“Don’t say gay” legislation: A threat to the embodied classroom
I am a Black lesbian woman with 20 years teaching experience. However, when I began my teaching career at a predominantly Haitian high school, I was not out to my students. I wasn’t closeted either. As a 22-year-old novice instructor, I believed sharing my private life to my 17- and 18-year-old students would disrupt the power dynamics I thought maintained student respect and class order. Additionally, having just come out to myself and my folks five years prior to entering the classroom, coupled with not having had queer-identified role modeling teachers when I was in school, I had not yet grasped the language with which to name and understand myself.
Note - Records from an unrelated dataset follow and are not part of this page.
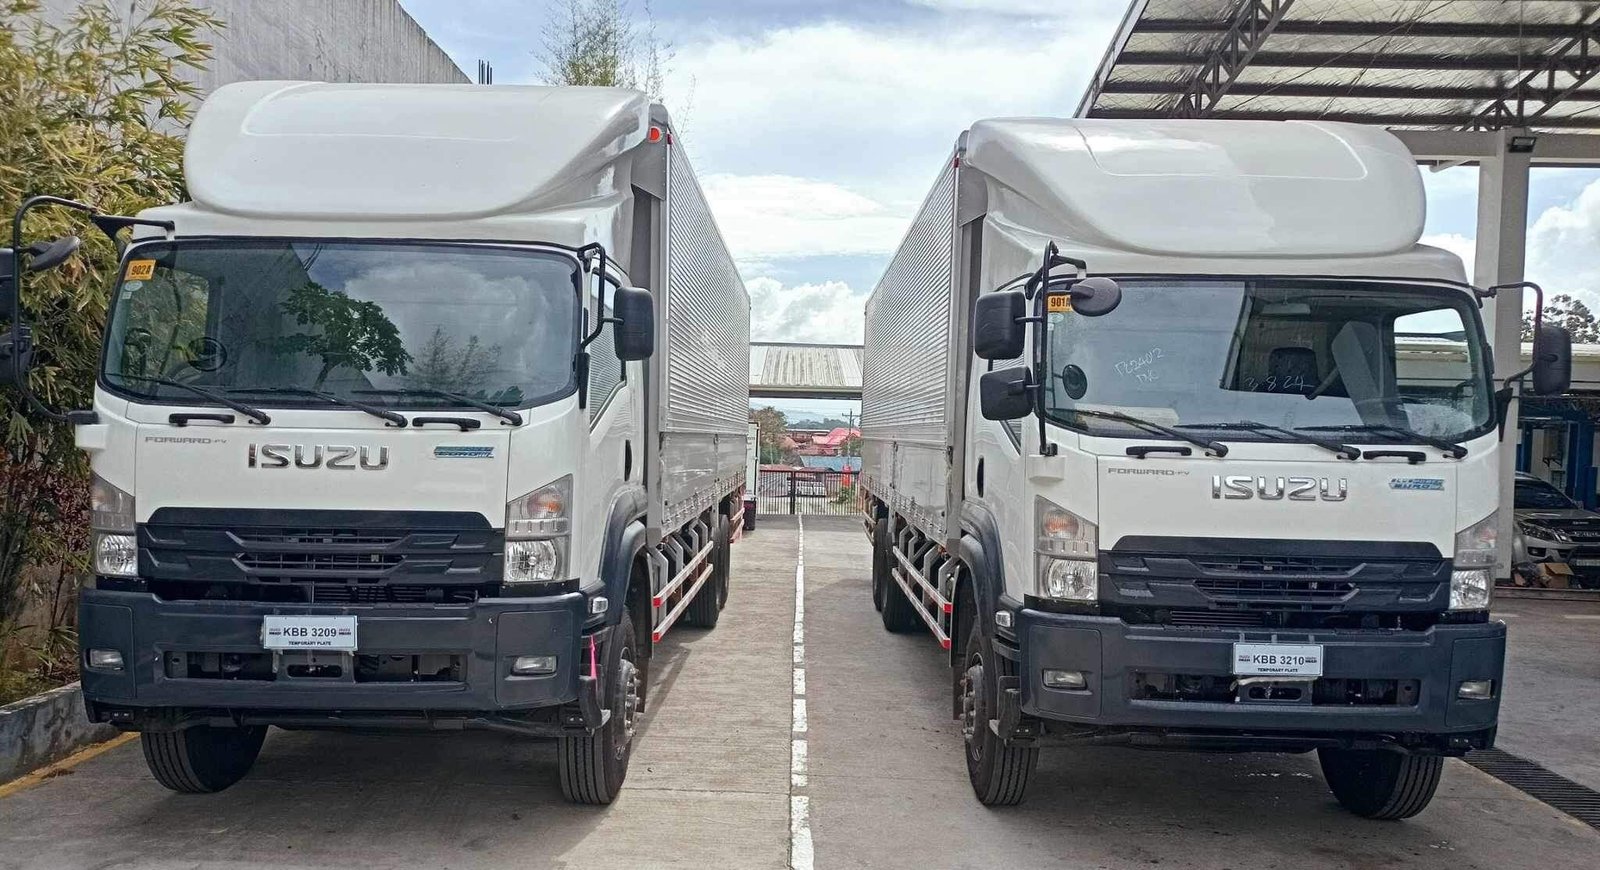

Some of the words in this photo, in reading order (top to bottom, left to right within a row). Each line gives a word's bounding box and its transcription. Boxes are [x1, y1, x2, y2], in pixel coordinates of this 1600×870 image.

[248, 443, 389, 470] ISUZU
[1212, 475, 1348, 502] ISUZU
[283, 627, 308, 637] KBB
[311, 628, 337, 637] 3209
[1253, 655, 1276, 664] KBB
[1280, 656, 1304, 665] 3210
Inadvertently conditioned, I was complicit in “not saying gay” before the bill was mandated. In other words, my Black lesbian woman’s body entered the public classroom split—a readied participant in a hidden curriculum intended to duplicate oppression.
I failed to give my students a wholistic education that could encourage them to identify and know themselves in relationship to the world, and to myself, which may have secured a humanity in them that countered America’s racist, homophobic past and present.
I should’ve been open about my sexuality—especially when LGBTQ-identified 10th and 12th grade students would lag behind the dismissal bell to glean advice from me about their relationships, talk to me about their homophobic parents, or confide in me their promises of running away from home. I should’ve been open, so that in community with me, they’d find their own safe, brave openings – so they’d have a role model. But I wasn’t open, and my hiding spilled into my lack of source materials and instruction.
I had no books I could lend them, no people I could reference, no theories from which I could instruct and hold an honest, open conversation. As a result, my LGBTQ+ students were—like Martin Luther King describes in his 1963 “I Have a Dream” speech—out here on a “lonely island . . . in the midst of a vast ocean.” And though Black and queer folk are un-drowned, the Americans who endeavored to cast us away then are making waves intended to wipe us out now.
DeSantis’ “Don’t Say Gay” bill has made its way to North Carolina through Senate Bill 49, titled, “Parents’ Bill of Rights,” which was passed earlier this month. The revision includes a prohibition of gender identity and sexuality instruction in grades K-4. However, considering sex education usually occurs in 5th grade, and of the 39 state curricula that do include sex education, only ten of them include sexual orientation—while “five states allow only negative information to be shared about homosexuality and place a positive emphasis on heterosexuality”. Senate Bill 49 is not a ban on curriculum and textbook material, but an erasure of the queer teacher and student voice.
To forbid teachers and students from discussing gender and sexual identity in the classroom is to suggest that they, that we, are not subjects in history worth reading, knowing, and cultivating relationship; it’s an absolute annihilation of human beings—a fostering of hate in the classroom. The classroom is a site of resistance where teachers and students have regular opportunity to engage loving-kindness as well as mutual respect and understanding, thereby we have to counter the forces whose initiatives aim to use academic institutions to splinter our country.
Conceding to omit classroom discourse on any one identity is a resistance to America’s humanity.
Dr. Kendra N. Bryant is an Associate Professor of English and Composition Director at North Carolina A&T State University.